━━ Data to use ━━
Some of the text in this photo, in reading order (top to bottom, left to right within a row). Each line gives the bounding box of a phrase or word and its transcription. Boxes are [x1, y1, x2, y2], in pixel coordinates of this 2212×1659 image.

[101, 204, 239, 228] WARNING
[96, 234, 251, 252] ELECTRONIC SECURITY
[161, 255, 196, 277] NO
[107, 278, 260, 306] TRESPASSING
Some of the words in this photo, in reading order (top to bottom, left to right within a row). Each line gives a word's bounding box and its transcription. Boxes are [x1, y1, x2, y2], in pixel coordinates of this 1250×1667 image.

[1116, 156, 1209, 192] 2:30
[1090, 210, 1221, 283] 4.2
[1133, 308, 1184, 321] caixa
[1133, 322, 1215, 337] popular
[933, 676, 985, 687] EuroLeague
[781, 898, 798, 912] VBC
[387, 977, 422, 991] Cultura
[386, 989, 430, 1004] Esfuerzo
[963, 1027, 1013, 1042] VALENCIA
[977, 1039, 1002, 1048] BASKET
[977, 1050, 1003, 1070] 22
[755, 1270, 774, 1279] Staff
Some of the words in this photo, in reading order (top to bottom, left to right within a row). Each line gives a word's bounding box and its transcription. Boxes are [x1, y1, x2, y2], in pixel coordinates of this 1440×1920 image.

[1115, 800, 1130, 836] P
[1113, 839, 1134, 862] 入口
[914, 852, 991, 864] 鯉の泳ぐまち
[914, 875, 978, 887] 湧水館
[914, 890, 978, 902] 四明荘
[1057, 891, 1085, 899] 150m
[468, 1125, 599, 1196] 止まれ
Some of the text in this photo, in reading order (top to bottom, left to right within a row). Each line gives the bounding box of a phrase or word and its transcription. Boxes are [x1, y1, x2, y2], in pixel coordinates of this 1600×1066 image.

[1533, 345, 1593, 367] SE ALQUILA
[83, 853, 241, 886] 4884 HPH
━━━
• _About this task_
Print every record above once more, exactly as written.

• _Completed exercise_
Some of the text in this photo, in reading order (top to bottom, left to right within a row). Each line gives the bounding box of a phrase or word and its transcription. Boxes are [x1, y1, x2, y2], in pixel coordinates of this 2212×1659 image.

[101, 204, 239, 228] WARNING
[96, 234, 251, 252] ELECTRONIC SECURITY
[161, 255, 196, 277] NO
[107, 278, 260, 306] TRESPASSING
Some of the words in this photo, in reading order (top to bottom, left to right within a row). Each line gives a word's bounding box and its transcription. Boxes are [x1, y1, x2, y2], in pixel coordinates of this 1250×1667 image.

[1116, 156, 1209, 192] 2:30
[1090, 210, 1221, 283] 4.2
[1133, 308, 1184, 321] caixa
[1133, 322, 1215, 337] popular
[933, 676, 985, 687] EuroLeague
[781, 898, 798, 912] VBC
[387, 977, 422, 991] Cultura
[386, 989, 430, 1004] Esfuerzo
[963, 1027, 1013, 1042] VALENCIA
[977, 1039, 1002, 1048] BASKET
[977, 1050, 1003, 1070] 22
[755, 1270, 774, 1279] Staff
Some of the words in this photo, in reading order (top to bottom, left to right within a row). Each line gives a word's bounding box and its transcription. Boxes are [x1, y1, x2, y2], in pixel coordinates of this 1440×1920 image.

[1115, 800, 1130, 836] P
[1113, 839, 1134, 862] 入口
[914, 852, 991, 864] 鯉の泳ぐまち
[914, 875, 978, 887] 湧水館
[914, 890, 978, 902] 四明荘
[1057, 891, 1085, 899] 150m
[468, 1125, 599, 1196] 止まれ
Some of the text in this photo, in reading order (top to bottom, left to right within a row). Each line gives the bounding box of a phrase or word and its transcription. Boxes are [x1, y1, x2, y2], in pixel coordinates of this 1600×1066 image.

[1533, 345, 1593, 367] SE ALQUILA
[83, 853, 241, 886] 4884 HPH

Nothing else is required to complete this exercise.